Su due altari sono infatti arrivate due tele di Adrian Ghenie, un artista che al grande pubblico dice ancora poco, ma che per chi segue le cronache dell’arte è nome ben noto. Ghenie, rumeno classe 1977, nato in Transilvania, è uno dei fenomeni emergenti, con record di mercato a sette zeri. Nel 2017 aveva rappresentato la Romania alla Biennale del suo Paese con un padiglione che aveva lasciato tutti a bocca aperta.
Ebbene, Adrian Ghenie, che è di famiglia ortodossa, ha accettato l’invito di realizzare e donare due grandi pale per due altari della chiesa che ne erano sforniti. L’aspetto interessante di questa operazione sono i soggetti scelti: da una parte l’uccisione di padre Pino Puglisi, dall’altra il martirio dei cristiani in Medio Oriente. Questa dunque è la sorpresa che la chiesa della Madonna della Mazza ha riservato a chi l’ha visitata dopo la riapertura: un artista di oggi lanciatissimo e conteso da collezionisti e gallerie accetta di affrontare l’interpretazione contemporanea del concetto di martirio.
Prendiamo l’opera che racconta l’uccisione di padre Puglisi: vediamo l’assassino con la pistola in mano che prende le sembianze di un diavolo contemporaneo, vestito con un giubbotto “bomber” giallo, colore della gelosia e dell’invidia. Davanti a lui padre Puglisi, che porta sulle spalle il bambino Gesù, come un San Cristoforo contemporaneo. Con una mano benedice il suo assassino. Sullo sfondo si riconoscono i palazzi del quartiere Brancaccio e la porta di casa del sacerdote siciliano.
È un quadro potente, con una struttura classica, perché Ghenie ammette di essersi rifatto ad una pala quattrocentesca di Michele Pacher. Eppure abbiamo davanti una visione assolutamente contemporanea, nella violenza cromatica e nel dinamismo che fa esplodere le forme, così com’è a noi contemporanea la storia che racconta.

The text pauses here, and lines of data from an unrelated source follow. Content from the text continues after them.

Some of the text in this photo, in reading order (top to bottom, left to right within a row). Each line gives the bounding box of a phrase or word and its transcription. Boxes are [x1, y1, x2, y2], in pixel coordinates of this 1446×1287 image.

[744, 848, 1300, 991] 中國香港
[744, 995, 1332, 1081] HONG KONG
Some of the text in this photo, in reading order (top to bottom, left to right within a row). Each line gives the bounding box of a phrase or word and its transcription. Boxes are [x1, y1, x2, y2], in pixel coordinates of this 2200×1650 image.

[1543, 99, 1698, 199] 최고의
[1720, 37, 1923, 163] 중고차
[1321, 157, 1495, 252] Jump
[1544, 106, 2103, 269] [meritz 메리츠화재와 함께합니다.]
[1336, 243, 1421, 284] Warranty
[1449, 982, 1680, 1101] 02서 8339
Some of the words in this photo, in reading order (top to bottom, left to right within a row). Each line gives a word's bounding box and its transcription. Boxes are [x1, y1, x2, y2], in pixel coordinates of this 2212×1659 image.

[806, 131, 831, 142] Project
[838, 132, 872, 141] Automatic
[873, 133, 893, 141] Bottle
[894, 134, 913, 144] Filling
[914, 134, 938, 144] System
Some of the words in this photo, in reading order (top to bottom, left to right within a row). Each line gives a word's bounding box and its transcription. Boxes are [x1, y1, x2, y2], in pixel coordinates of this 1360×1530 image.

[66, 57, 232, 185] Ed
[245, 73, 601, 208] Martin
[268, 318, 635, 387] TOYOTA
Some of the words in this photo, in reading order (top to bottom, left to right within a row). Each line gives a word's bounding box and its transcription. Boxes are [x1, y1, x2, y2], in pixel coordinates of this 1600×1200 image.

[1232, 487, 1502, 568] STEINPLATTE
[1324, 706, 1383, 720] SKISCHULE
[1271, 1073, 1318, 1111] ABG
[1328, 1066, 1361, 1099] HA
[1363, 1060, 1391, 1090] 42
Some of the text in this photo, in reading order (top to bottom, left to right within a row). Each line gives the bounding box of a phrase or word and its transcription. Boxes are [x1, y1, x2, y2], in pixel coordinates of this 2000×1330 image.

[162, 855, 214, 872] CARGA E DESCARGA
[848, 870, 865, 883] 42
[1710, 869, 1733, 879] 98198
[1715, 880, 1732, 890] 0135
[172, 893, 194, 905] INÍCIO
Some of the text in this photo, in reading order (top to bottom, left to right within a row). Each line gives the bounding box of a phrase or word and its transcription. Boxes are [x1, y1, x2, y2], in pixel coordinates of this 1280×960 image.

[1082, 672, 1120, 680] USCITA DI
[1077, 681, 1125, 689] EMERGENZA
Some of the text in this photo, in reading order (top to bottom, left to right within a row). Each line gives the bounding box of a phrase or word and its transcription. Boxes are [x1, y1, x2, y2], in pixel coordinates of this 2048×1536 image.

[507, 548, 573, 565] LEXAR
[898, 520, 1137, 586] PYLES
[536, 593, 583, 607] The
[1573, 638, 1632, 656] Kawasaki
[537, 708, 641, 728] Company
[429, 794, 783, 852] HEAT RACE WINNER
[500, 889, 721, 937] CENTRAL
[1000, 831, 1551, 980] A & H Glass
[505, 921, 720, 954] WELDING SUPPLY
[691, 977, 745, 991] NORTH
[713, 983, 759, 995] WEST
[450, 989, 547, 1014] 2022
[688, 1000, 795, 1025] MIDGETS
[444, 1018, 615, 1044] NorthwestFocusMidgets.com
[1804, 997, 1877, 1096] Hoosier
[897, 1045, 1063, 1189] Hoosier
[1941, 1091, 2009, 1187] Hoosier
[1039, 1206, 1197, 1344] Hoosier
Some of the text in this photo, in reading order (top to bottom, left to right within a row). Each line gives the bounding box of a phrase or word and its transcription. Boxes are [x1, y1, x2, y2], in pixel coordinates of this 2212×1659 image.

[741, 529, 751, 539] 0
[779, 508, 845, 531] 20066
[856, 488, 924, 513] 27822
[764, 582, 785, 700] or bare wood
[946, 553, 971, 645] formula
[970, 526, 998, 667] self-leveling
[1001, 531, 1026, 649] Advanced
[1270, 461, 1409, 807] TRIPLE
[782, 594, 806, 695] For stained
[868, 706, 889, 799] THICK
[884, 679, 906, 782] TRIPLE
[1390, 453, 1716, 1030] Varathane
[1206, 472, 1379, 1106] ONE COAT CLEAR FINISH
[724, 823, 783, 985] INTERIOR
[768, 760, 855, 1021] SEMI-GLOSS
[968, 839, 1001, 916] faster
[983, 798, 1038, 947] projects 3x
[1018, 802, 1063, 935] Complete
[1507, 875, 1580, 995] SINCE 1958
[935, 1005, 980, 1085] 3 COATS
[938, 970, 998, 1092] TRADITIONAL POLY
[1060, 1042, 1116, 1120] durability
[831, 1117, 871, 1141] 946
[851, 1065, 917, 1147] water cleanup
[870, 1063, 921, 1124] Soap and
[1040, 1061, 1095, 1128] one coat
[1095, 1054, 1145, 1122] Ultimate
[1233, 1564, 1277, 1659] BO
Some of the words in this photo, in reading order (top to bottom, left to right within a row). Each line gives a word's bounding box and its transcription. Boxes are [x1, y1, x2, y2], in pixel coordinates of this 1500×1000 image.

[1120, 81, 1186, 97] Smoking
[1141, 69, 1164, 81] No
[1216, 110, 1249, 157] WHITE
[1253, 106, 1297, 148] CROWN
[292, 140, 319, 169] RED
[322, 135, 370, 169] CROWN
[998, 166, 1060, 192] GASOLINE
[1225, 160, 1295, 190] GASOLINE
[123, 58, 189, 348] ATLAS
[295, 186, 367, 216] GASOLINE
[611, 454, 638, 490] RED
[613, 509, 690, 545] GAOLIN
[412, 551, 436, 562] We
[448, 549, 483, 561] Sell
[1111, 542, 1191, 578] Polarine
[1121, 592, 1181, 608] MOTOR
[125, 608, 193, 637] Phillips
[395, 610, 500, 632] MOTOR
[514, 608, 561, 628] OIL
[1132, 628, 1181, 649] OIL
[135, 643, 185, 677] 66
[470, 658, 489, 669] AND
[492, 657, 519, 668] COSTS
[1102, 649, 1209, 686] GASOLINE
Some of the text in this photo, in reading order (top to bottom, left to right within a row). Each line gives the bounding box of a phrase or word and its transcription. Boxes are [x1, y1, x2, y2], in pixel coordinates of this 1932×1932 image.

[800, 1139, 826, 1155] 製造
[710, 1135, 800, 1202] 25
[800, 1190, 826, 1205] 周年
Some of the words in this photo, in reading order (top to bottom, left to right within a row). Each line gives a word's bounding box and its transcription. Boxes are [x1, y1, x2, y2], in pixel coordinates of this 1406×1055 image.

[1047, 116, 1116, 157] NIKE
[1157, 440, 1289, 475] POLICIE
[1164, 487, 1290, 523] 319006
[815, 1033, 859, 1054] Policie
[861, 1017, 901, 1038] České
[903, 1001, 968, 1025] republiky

L’altra pala riprende la recente canonizzazione dei 21 cristiani copti uccisi in Libia nel 2015 dall’Isis. Erano stati portati alla decapitazione vestiti con tute arancioni, ed è proprio in tuta arancione l’uomo crocifisso che domina la grande tela, assediato dalla spirale di violenza che si sta accanendo sul suo corpo.
Sono due opere potenti, fedeli alla narrazione dell’accaduto, e sono anche assolutamente contemporanee. Il tutto è stato reso possibile grazie al mecenatismo e all’intraprendenza di un soggetto privato, la Fondazione costituita Alessandra Borghese, e dalla convinzione con cui il direttore dei Beni culturali dell’Arcidiocesi di Palermo, padre Giuseppe Bucaro, ha sostenuto il progetto.
Le opere, come detto, sono installazioni definitive, patrimonio della chiesa, immagini davanti alle quali le persone potranno pregare. Sono opere contemporanee destinate a diventare immagini di devozione, a restare negli occhi e nel cuore dei fedeli palermitani. È questo il piccolo miracolo che sta accadendo nella chiesa della Madonna della Mazza: arte viva per una chiesa viva che non si rifugia nel passato.